# Aim of the task
Every entry below should be copied exactly, minus the pictures.

(Stored data)
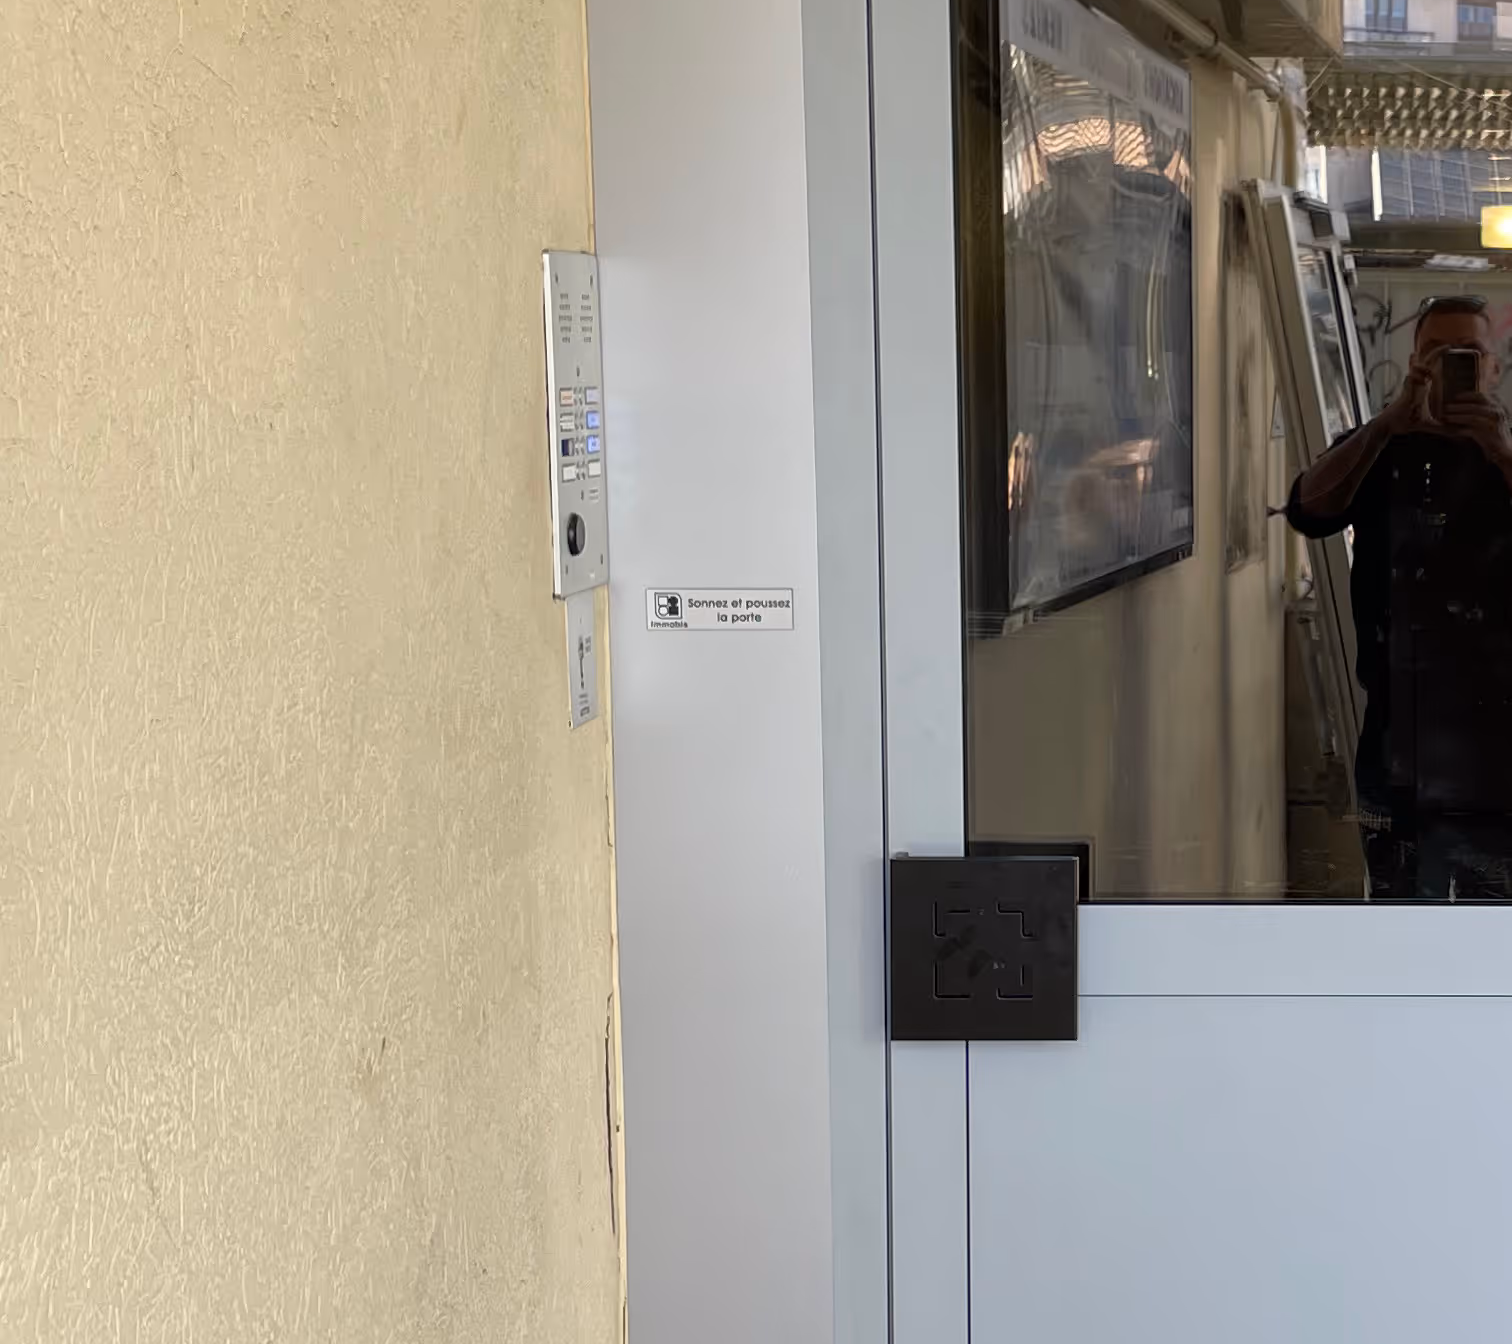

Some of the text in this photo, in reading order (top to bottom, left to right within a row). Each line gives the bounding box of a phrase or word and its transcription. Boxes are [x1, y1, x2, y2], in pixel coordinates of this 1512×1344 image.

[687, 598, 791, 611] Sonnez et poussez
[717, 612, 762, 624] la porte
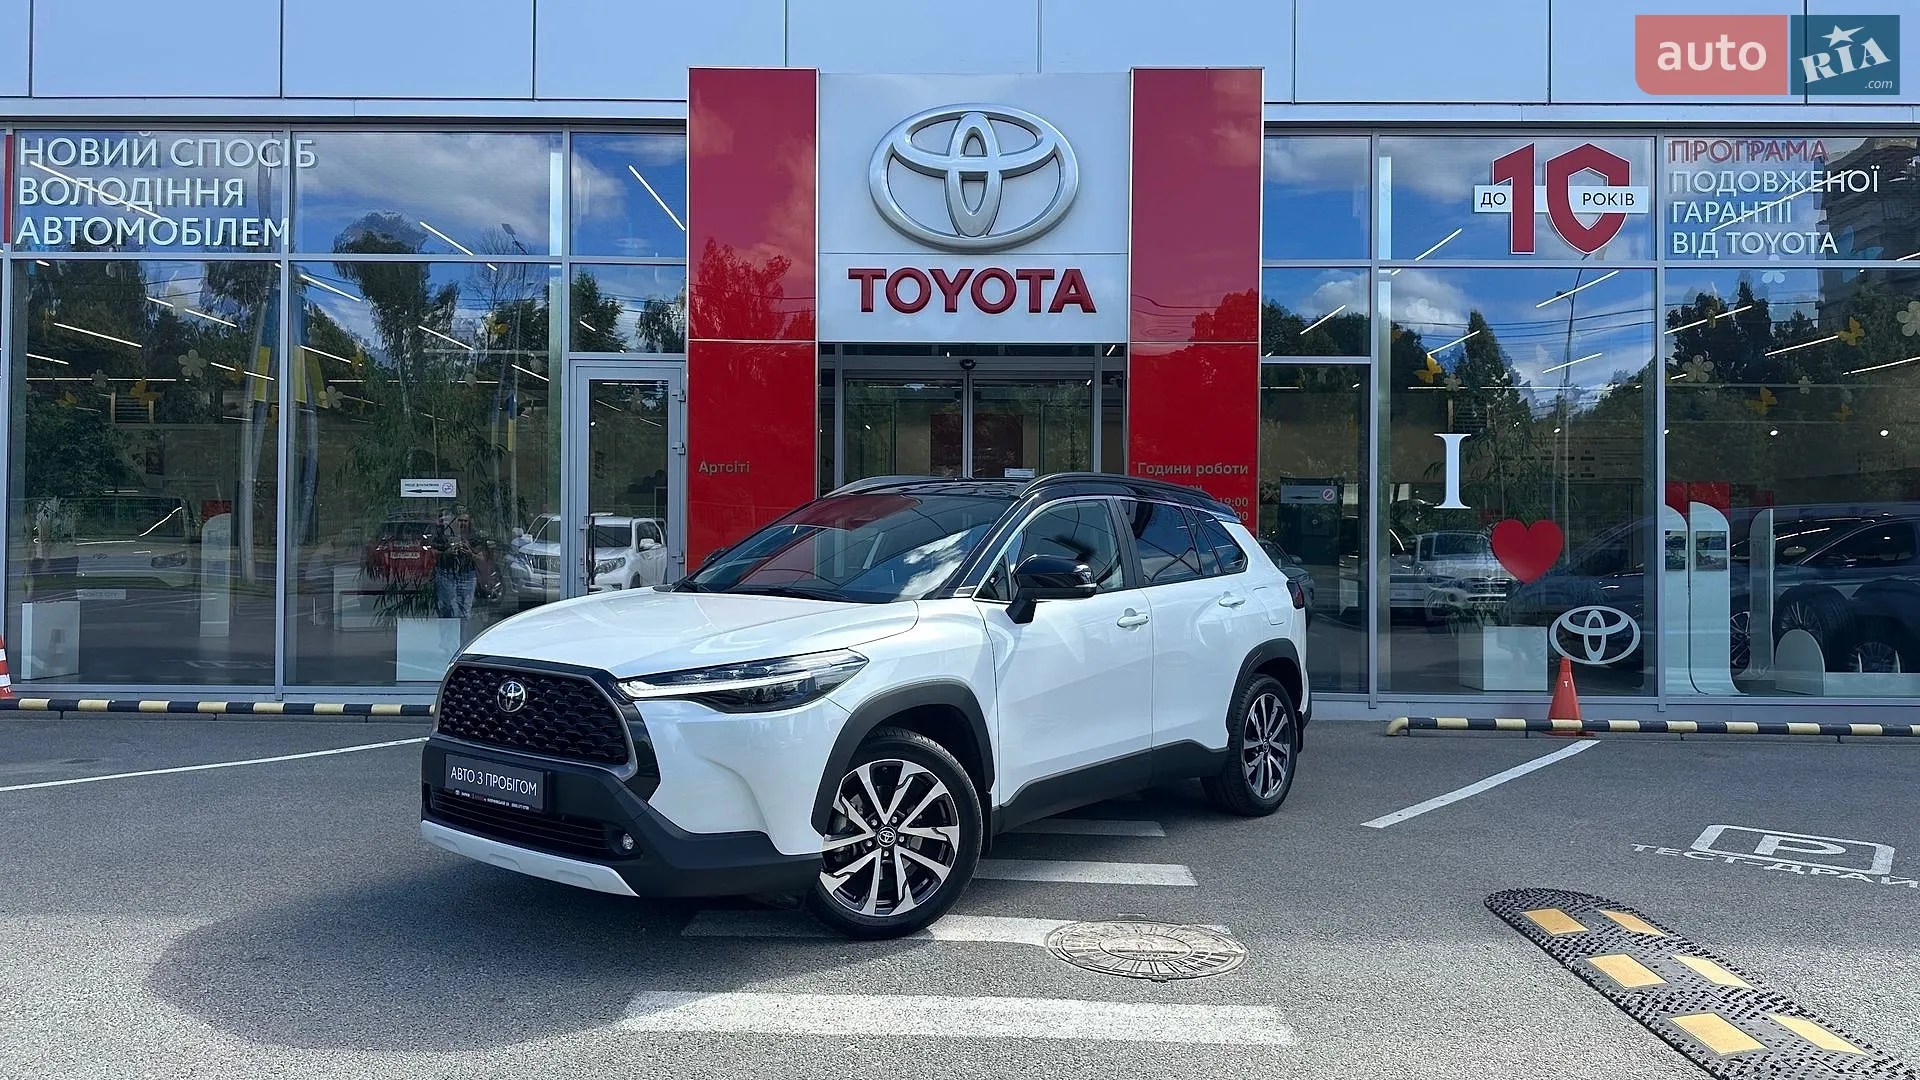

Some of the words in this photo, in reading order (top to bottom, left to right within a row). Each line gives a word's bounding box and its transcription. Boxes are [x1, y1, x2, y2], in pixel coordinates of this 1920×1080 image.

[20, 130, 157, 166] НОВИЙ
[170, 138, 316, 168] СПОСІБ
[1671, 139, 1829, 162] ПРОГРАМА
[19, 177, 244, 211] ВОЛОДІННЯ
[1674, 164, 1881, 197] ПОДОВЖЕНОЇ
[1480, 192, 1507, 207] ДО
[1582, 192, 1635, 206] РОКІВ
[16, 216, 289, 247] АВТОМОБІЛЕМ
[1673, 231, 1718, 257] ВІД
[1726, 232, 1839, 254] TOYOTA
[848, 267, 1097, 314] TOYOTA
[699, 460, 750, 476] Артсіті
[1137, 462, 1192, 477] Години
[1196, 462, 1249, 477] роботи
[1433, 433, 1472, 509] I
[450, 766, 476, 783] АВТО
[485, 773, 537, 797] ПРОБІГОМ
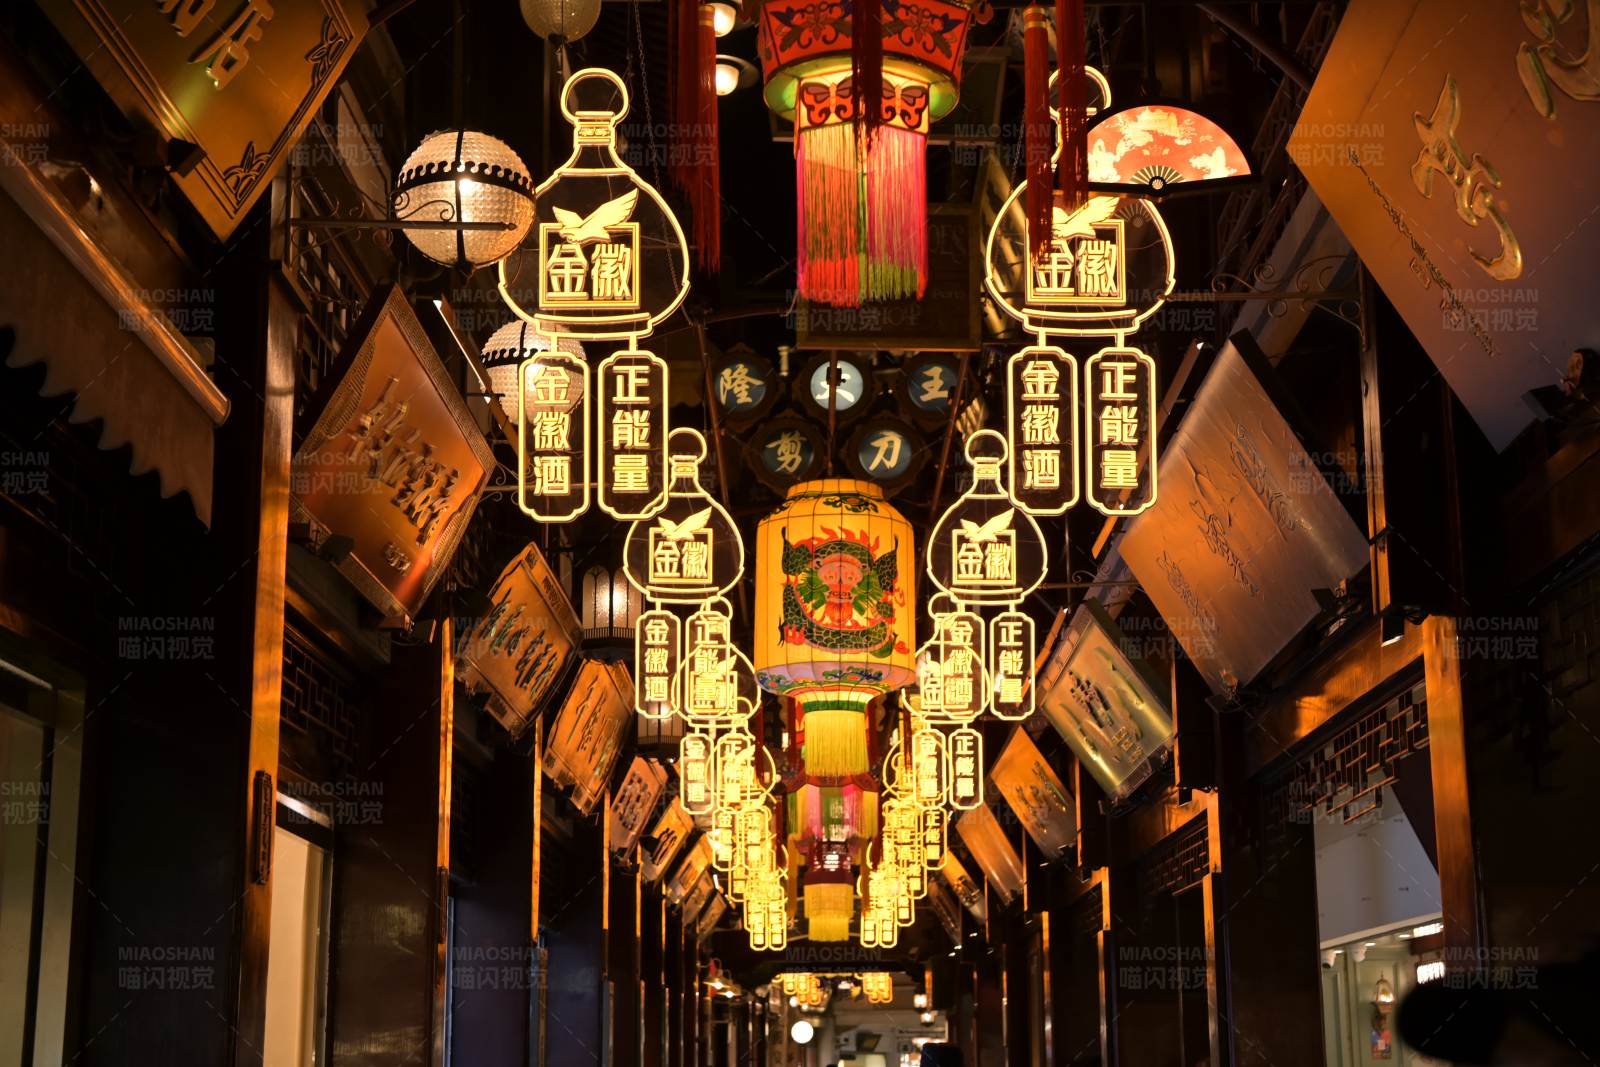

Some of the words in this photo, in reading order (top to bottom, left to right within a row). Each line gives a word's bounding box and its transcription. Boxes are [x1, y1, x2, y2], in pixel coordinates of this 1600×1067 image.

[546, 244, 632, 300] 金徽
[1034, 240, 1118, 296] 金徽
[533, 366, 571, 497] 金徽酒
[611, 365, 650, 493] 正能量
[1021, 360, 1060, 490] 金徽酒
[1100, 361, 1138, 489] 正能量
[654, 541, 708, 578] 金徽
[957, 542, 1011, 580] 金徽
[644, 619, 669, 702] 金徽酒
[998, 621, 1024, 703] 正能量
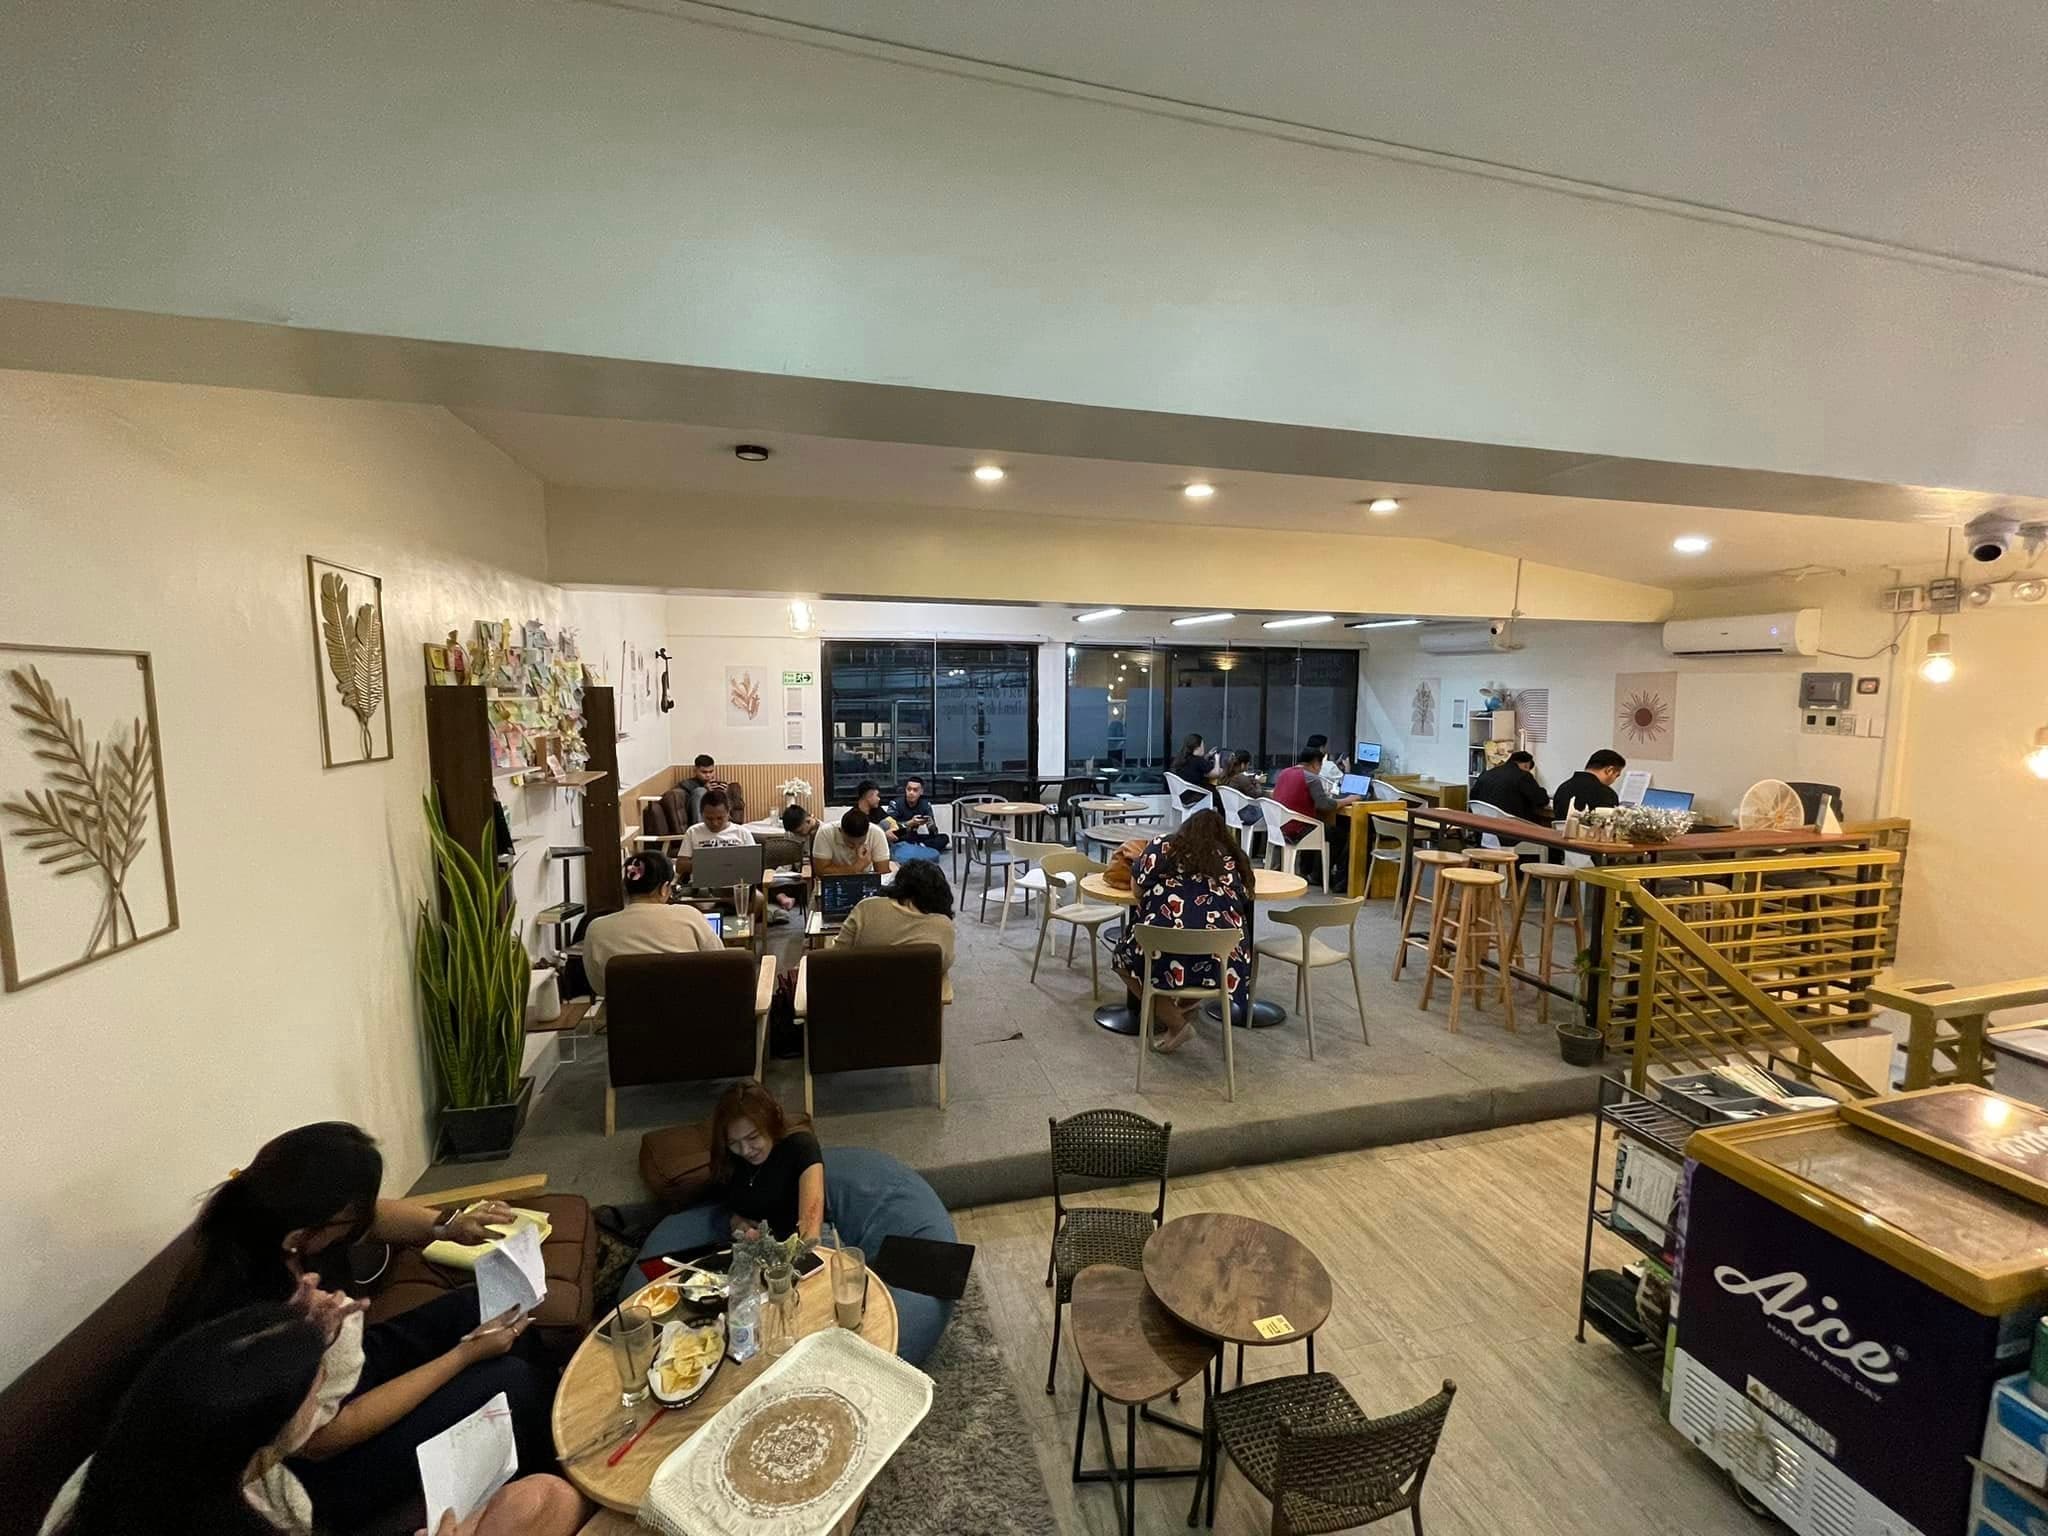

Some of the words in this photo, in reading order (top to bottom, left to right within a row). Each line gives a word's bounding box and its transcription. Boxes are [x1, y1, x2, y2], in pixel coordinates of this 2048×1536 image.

# Answer box
Some of the text in this photo, in reading order (top to bottom, left to right within a row). Each line gives the bounding box of a phrase or word and its transcription. Boxes are [x1, y1, x2, y2], in pixel coordinates of this 1512×1344 image.

[687, 598, 791, 611] Sonnez et poussez
[717, 612, 762, 624] la porte

Some of the words in this photo, in reading order (top to bottom, left to right within a row). Each line gives a word's bounding box and its transcription. Boxes are [x1, y1, x2, y2], in pixel coordinates of this 1920×1080 image.

[20, 130, 157, 166] НОВИЙ
[170, 138, 316, 168] СПОСІБ
[1671, 139, 1829, 162] ПРОГРАМА
[19, 177, 244, 211] ВОЛОДІННЯ
[1674, 164, 1881, 197] ПОДОВЖЕНОЇ
[1480, 192, 1507, 207] ДО
[1582, 192, 1635, 206] РОКІВ
[16, 216, 289, 247] АВТОМОБІЛЕМ
[1673, 231, 1718, 257] ВІД
[1726, 232, 1839, 254] TOYOTA
[848, 267, 1097, 314] TOYOTA
[699, 460, 750, 476] Артсіті
[1137, 462, 1192, 477] Години
[1196, 462, 1249, 477] роботи
[1433, 433, 1472, 509] I
[450, 766, 476, 783] АВТО
[485, 773, 537, 797] ПРОБІГОМ

Some of the words in this photo, in reading order (top to bottom, left to right within a row). Each line gives a word's bounding box and its transcription. Boxes are [x1, y1, x2, y2], in pixel coordinates of this 1600×1067 image.

[546, 244, 632, 300] 金徽
[1034, 240, 1118, 296] 金徽
[533, 366, 571, 497] 金徽酒
[611, 365, 650, 493] 正能量
[1021, 360, 1060, 490] 金徽酒
[1100, 361, 1138, 489] 正能量
[654, 541, 708, 578] 金徽
[957, 542, 1011, 580] 金徽
[644, 619, 669, 702] 金徽酒
[998, 621, 1024, 703] 正能量

Some of the words in this photo, in reading order (top to bottom, left to right within a row). Each line gives a word's bounding box and its transcription. Boxes are [x1, y1, x2, y2], in pixel coordinates of this 2048×1536 image.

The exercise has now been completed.